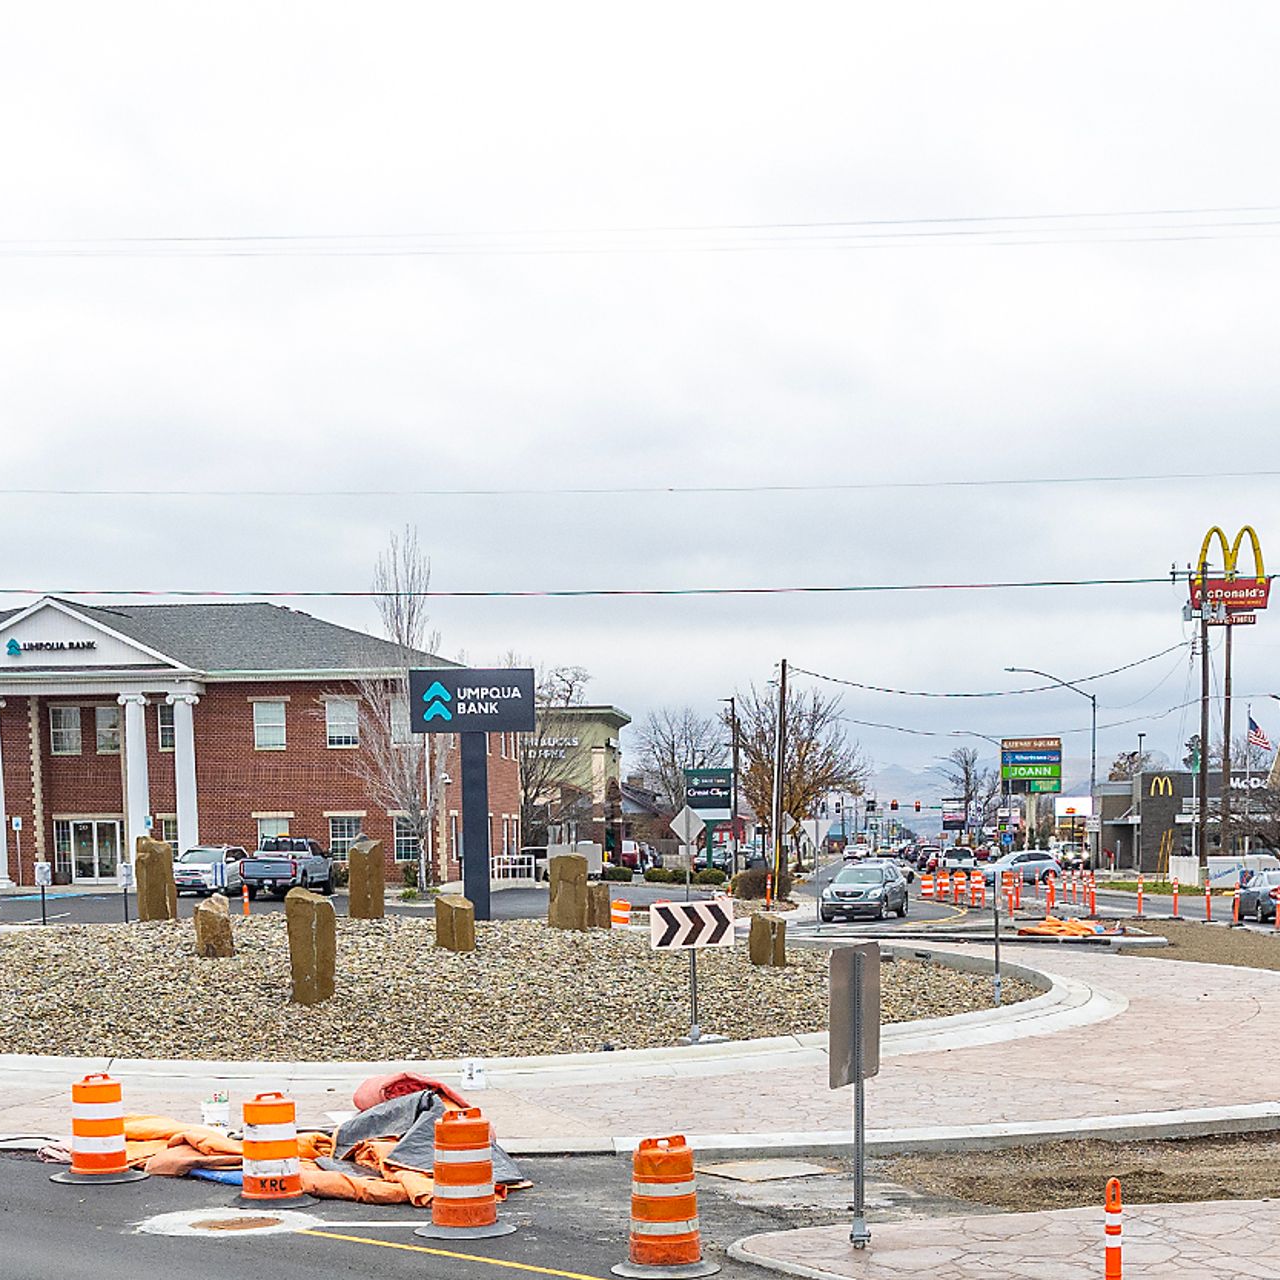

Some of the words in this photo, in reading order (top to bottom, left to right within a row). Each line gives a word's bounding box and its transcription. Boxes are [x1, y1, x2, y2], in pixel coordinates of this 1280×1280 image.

[22, 641, 65, 652] UMPQUA
[67, 640, 97, 651] BANK
[456, 686, 522, 700] UMPQUA
[456, 702, 499, 714] BANK
[1011, 766, 1052, 777] JOANN
[687, 788, 709, 797] Great
[260, 1178, 287, 1192] KRC

-.-.-

*WHAT YOU ARE ASKED TO DO*
Give the data above again, exactly and completely. No pictures go in.

*EXERCISE RESULT*
Some of the words in this photo, in reading order (top to bottom, left to right within a row). Each line gives a word's bounding box and its transcription. Boxes are [x1, y1, x2, y2], in pixel coordinates of this 1280×1280 image.

[22, 641, 65, 652] UMPQUA
[67, 640, 97, 651] BANK
[456, 686, 522, 700] UMPQUA
[456, 702, 499, 714] BANK
[1011, 766, 1052, 777] JOANN
[687, 788, 709, 797] Great
[260, 1178, 287, 1192] KRC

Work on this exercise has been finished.